Image via WikipediaMy eyes are tearing up and I’m getting ready to sneeze, a good sign that one of my sweet-smelling daughters has readministered body spray. Again.
“Readminister again” is not a redundant statement; they will later re-readminister. Possibly just as they get into the car or some other enclosed space in which I will be trapped with the vaporous goodness.
Japanese Cherry Blossom? Cherry Almond Vanilla? Something involving cherries, at any rate. Or flowers. It’s hard to tell what specific scent it is when it’s bombarding you at Force 10.
Don’t get me wrong—I love my daughters. Really. I’m pleased that they prefer to be clean and sweet-smelling. They generally leave the house groomed, although we differ on the critical question of whether slippers with semi-hard surfaces on the bottom count as footwear for the big wide world out there.
On the slipper question they vote Yes, I vote No. My vote does not count. The only time they entertained the possibility of reconsidering this point, it was because four feet of snow fell on us in late December and early January and stayed for weeks. They didn’t wait for the spring thaws to go back to the slippers.
They’re not over the top on make-up, thank heavens. Admittedly Eldest Daughter went through a raccoon-eyes phase, applying black eyeliner and extra-black extra-clumping mascara with the enthusiasm of a small child newly introduced to scented markers.
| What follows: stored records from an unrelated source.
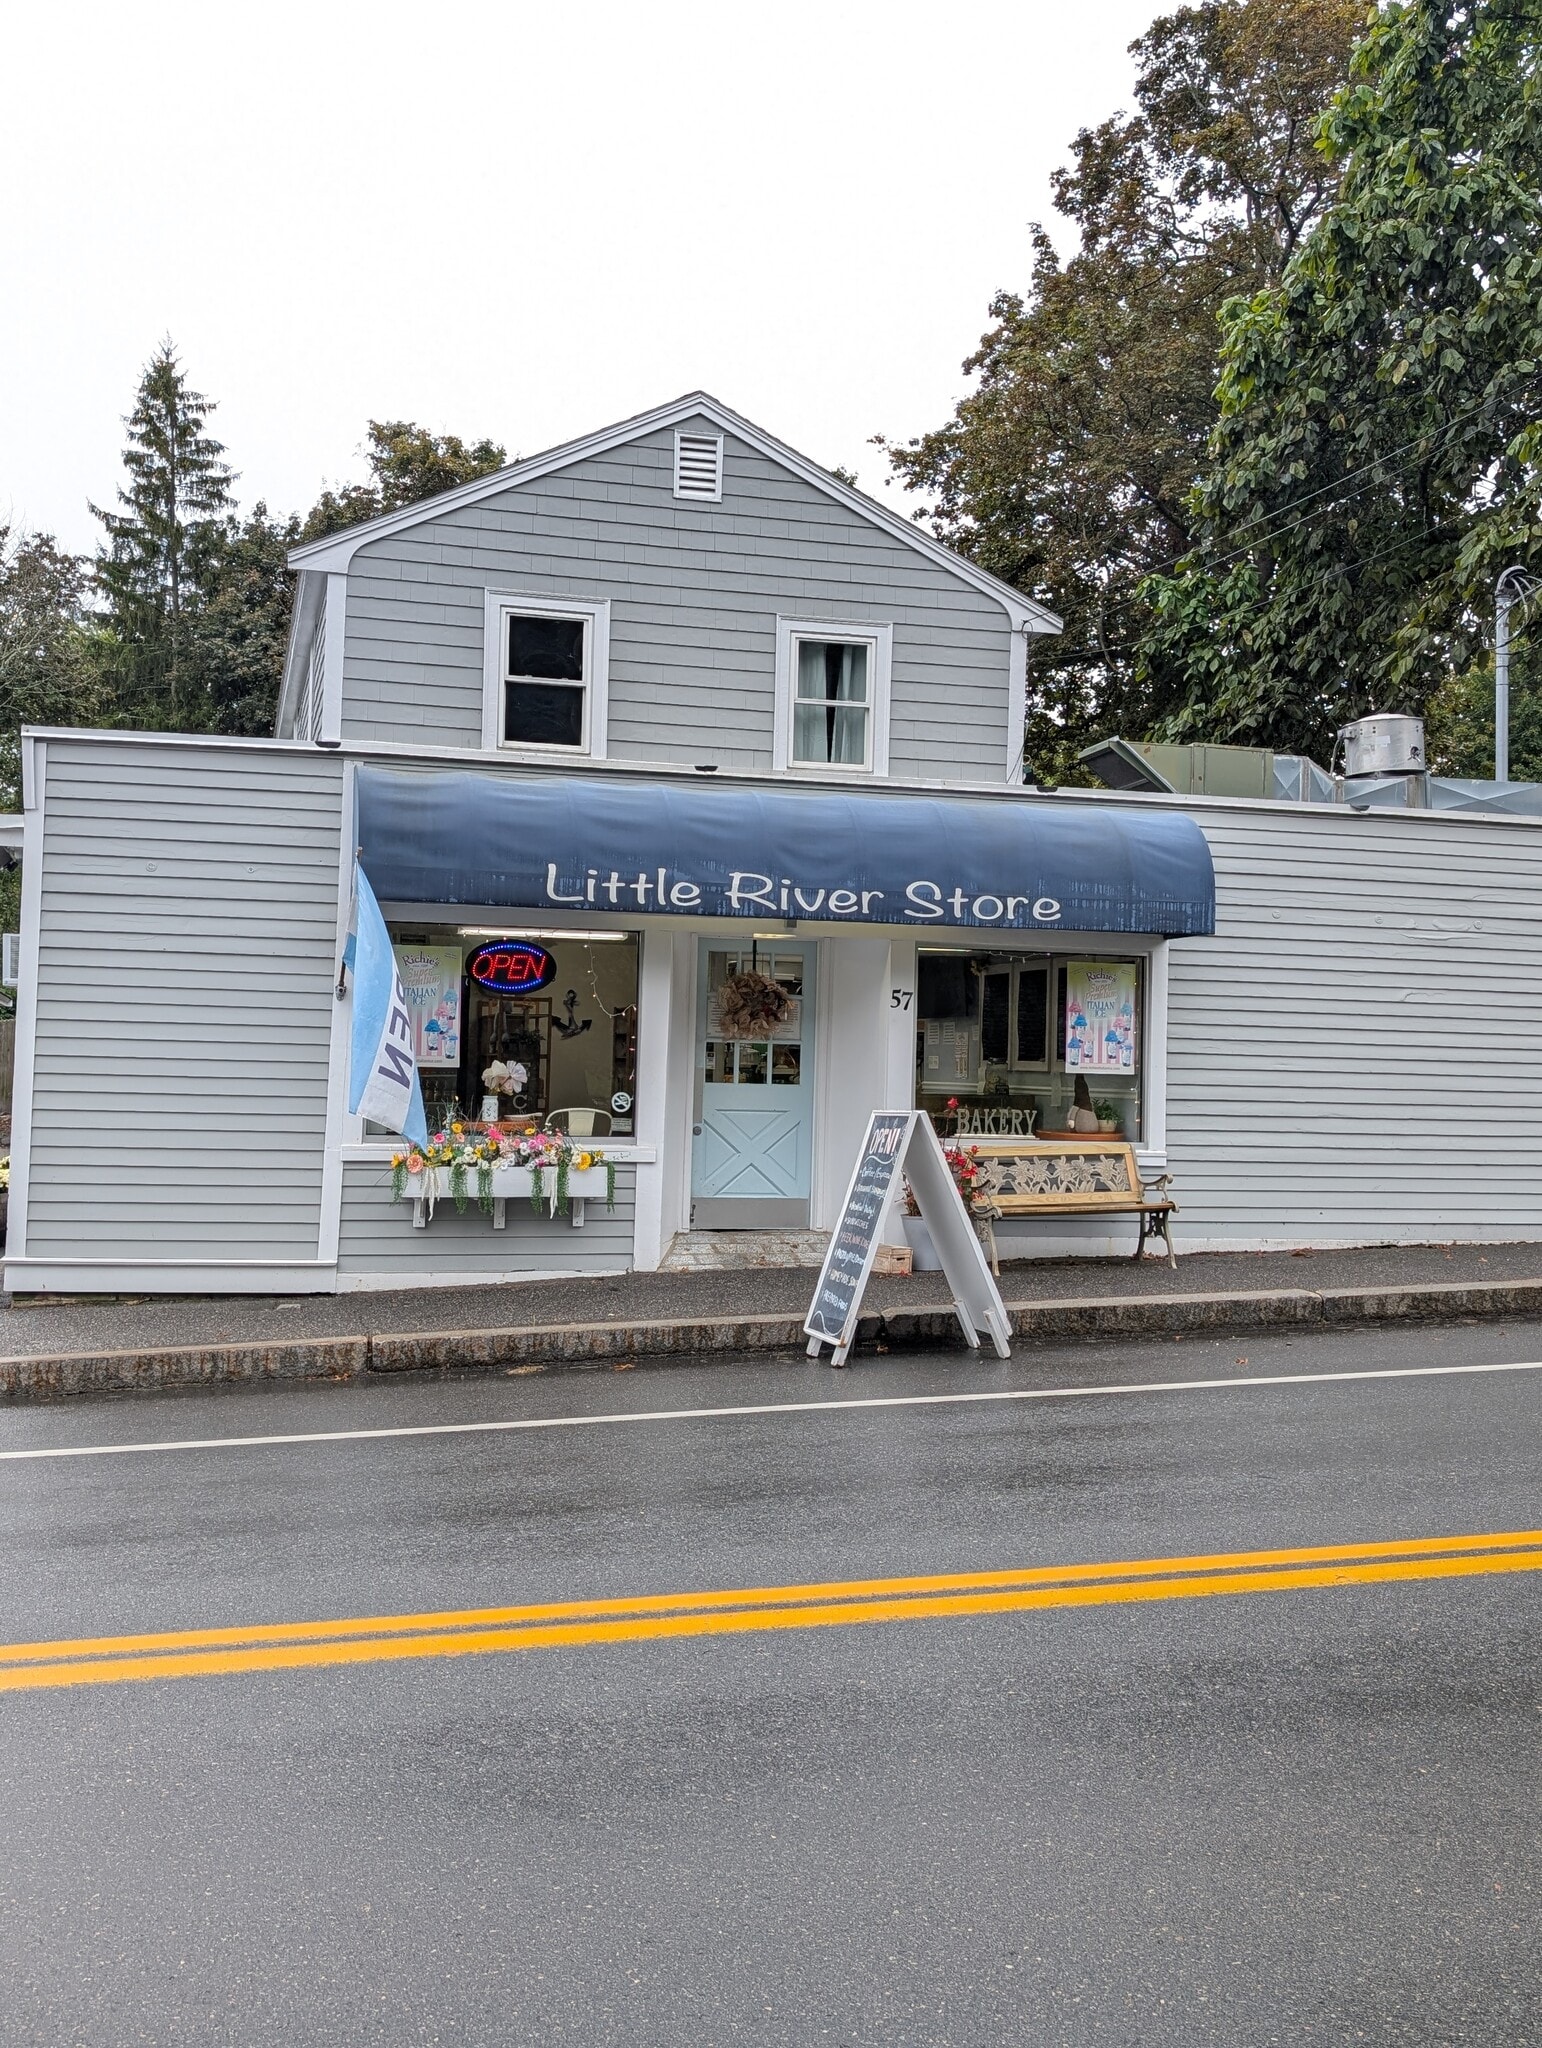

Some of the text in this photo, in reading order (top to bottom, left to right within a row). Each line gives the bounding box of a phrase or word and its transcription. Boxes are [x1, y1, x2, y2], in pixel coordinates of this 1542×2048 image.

[546, 863, 1062, 921] Little River Store
[402, 951, 440, 969] Richie's
[472, 954, 546, 979] OPEN
[890, 989, 914, 1011] 57
[956, 1108, 1037, 1136] BAKERY
[869, 1127, 902, 1156] OPEN!
She shared her hard-earned wisdom with Number Two Daughter, who uses a light hand. Both have beautiful eyes in any case.
And they do smell nice. But this comes at a price: the constant reapplication of body sprays purchased approximately every other week at Smelly Body Sprays R Us or some such chain.
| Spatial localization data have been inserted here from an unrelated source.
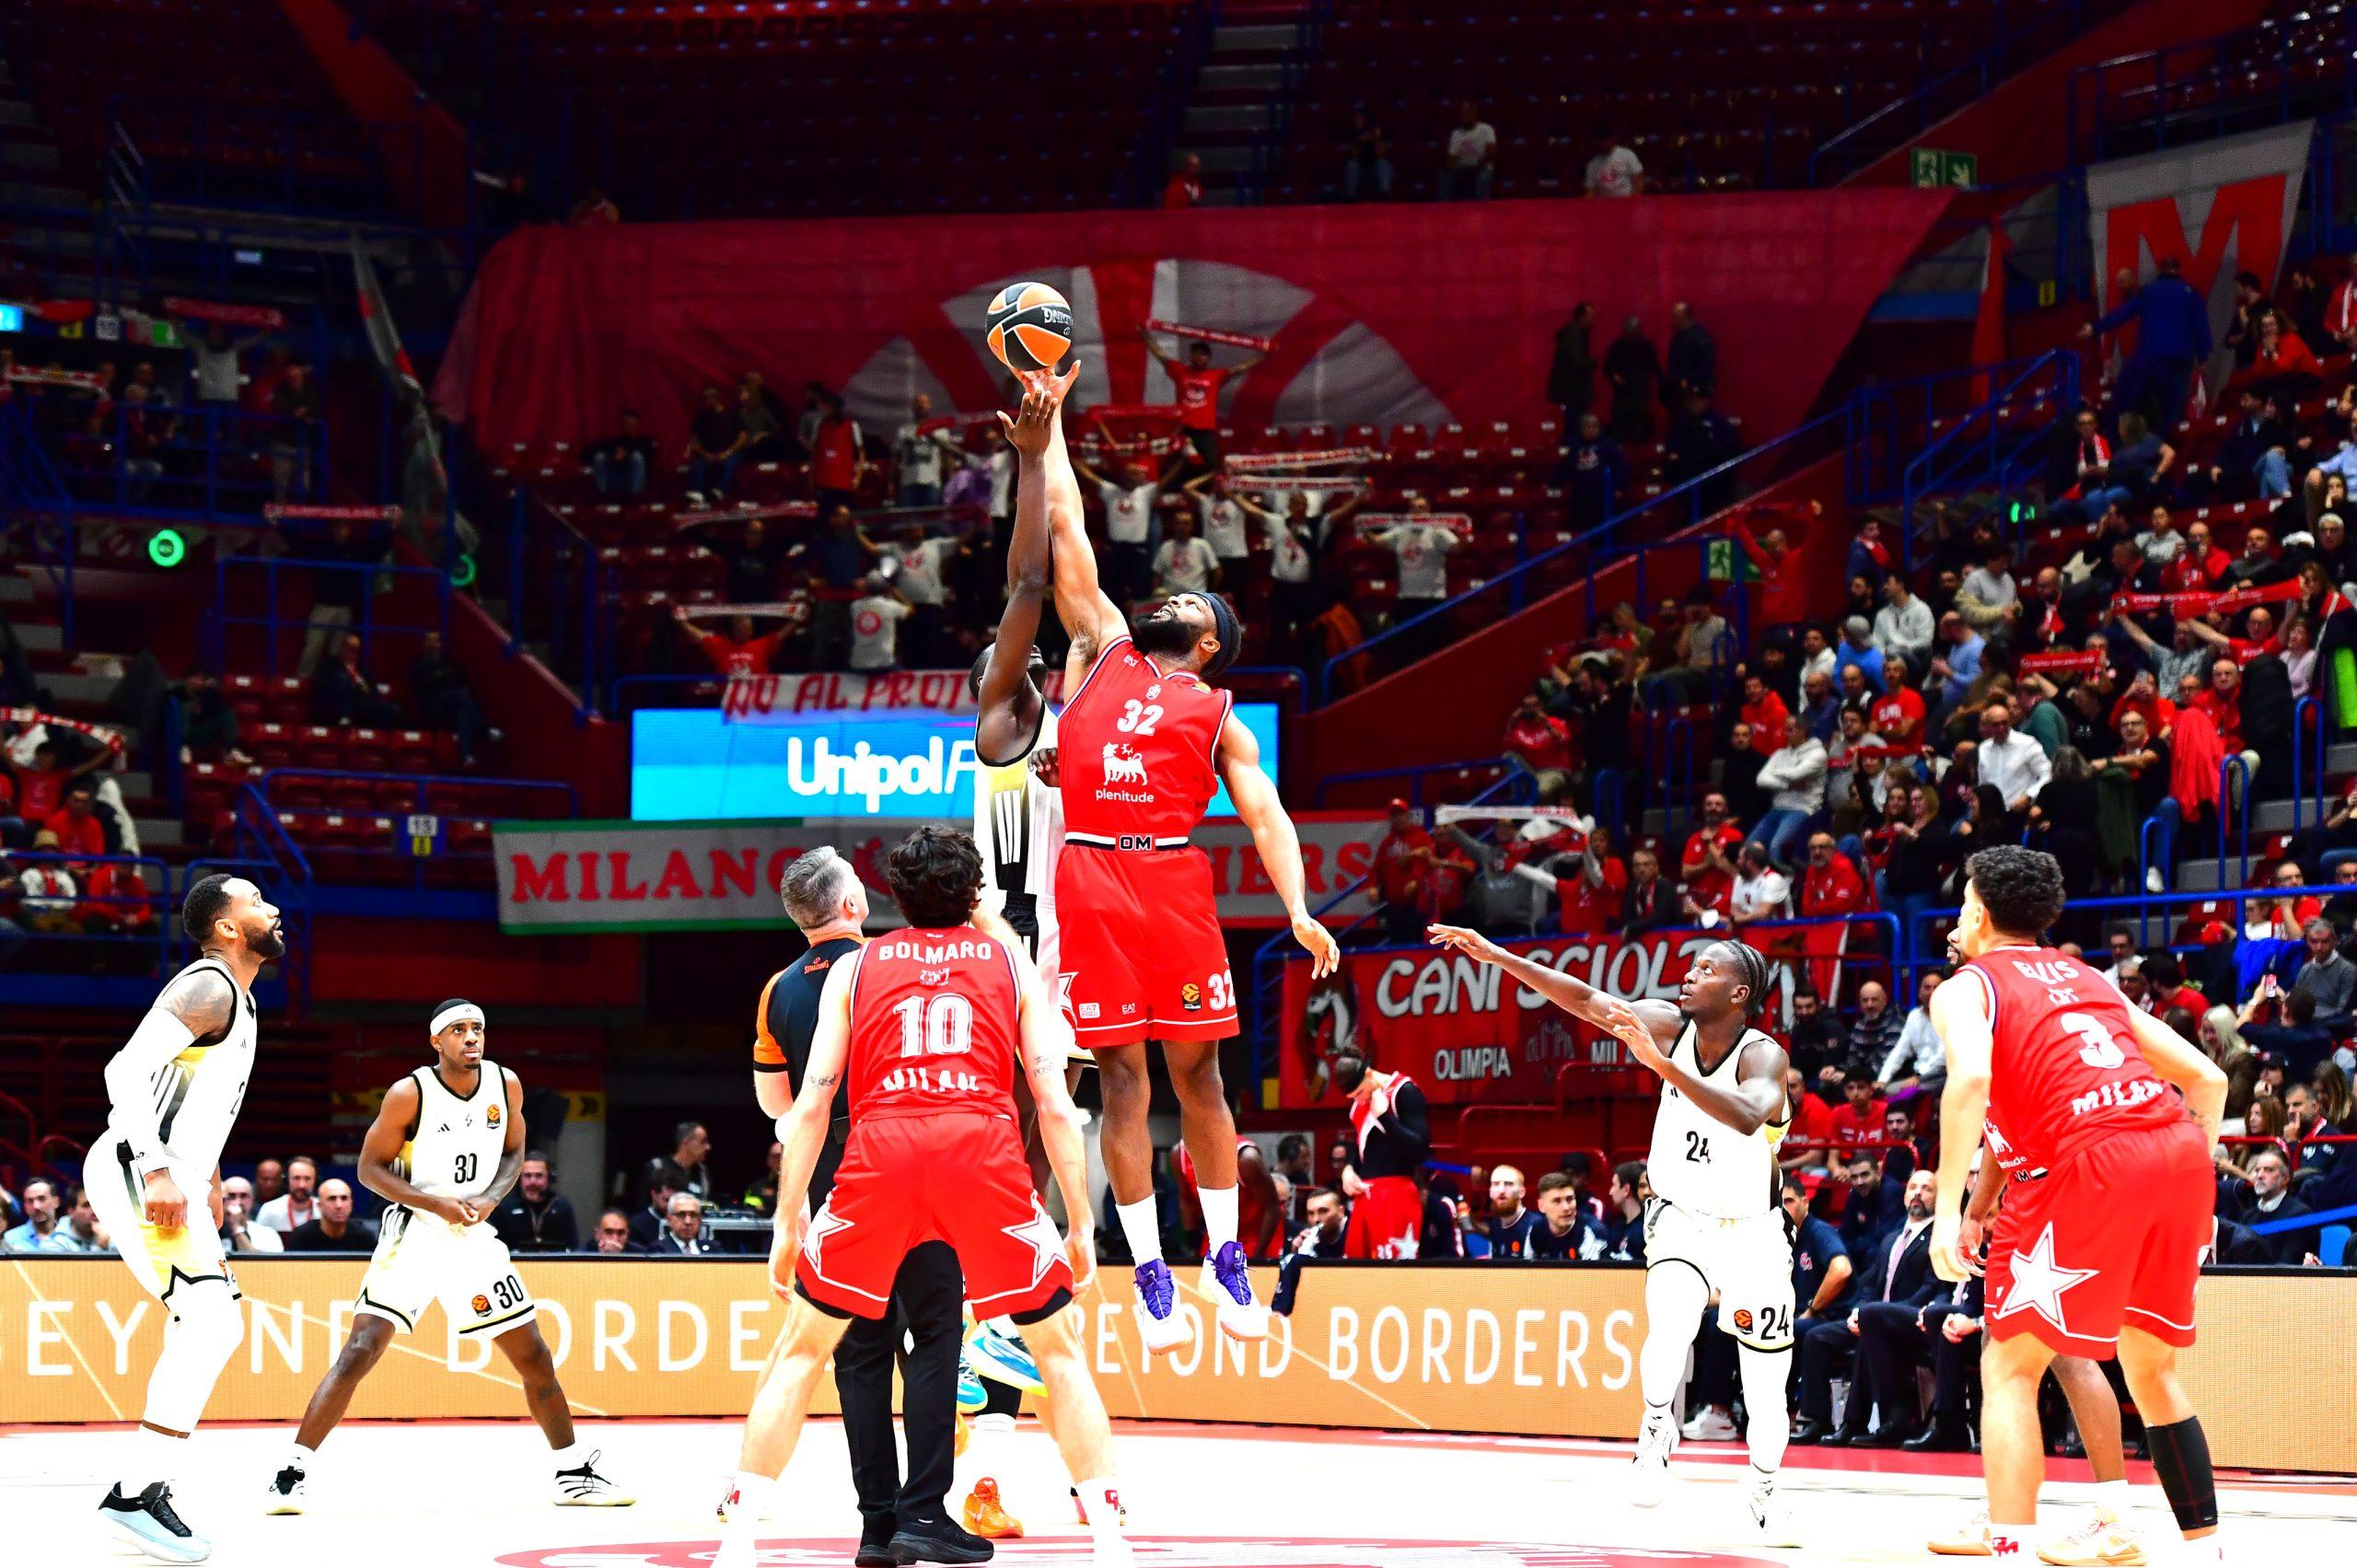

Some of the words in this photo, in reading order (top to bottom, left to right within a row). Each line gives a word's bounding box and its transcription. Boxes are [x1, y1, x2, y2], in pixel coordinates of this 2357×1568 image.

[724, 673, 779, 717] NO
[794, 674, 849, 714] AL
[860, 671, 979, 712] PROT
[1117, 699, 1164, 736] 32
[1096, 788, 1155, 804] plenitude
[1120, 836, 1151, 851] OM
[510, 848, 808, 903] MILANO
[804, 959, 829, 974] SPALDING
[878, 941, 992, 965] BOLMARO
[1376, 954, 1504, 1018] CANI
[1515, 936, 1724, 1010] SCIOLT
[893, 992, 972, 1058] 10
[2061, 1012, 2126, 1069] 3
[1434, 1047, 1512, 1080] OLIMPIA
[1590, 1040, 1641, 1072] MILA
[1686, 1130, 1712, 1165] 24
[454, 1153, 478, 1184] 30
[2014, 1168, 2031, 1182] M
[493, 1274, 525, 1309] 30
[447, 1298, 772, 1373] BORDE
[1760, 1304, 1790, 1341] 24
[1073, 1302, 1293, 1378] EYOND
[1329, 1305, 1634, 1391] BORDERS
When one of them gets ready for school in the main bathroom, we brace ourselves for the moment when the door swings open and the cloud wafts out well in advance of the girl ostensibly wearing the perfume—or being worn by it.
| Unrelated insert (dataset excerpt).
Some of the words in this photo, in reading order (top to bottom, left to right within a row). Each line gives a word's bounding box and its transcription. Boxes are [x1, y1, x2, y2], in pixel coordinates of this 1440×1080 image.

I’m sure I did this at their age. I remember a certain fondness for Love’s Baby Soft that probably announced itself around corners. Today my tastes are a trifle more sophisticated (Coco Mademoiselle by Chanel, which they had better not stop making), and expressed in moderation.
So what do I do, say, “Don’t smell quite so nice”? There’s a reason the words “teen girls body spray” bring up 103,000 results in Google.
A closer look at these results reveals that apparently this isn’t exclusively a girl thing—in fact, it’s a huge problem with boys.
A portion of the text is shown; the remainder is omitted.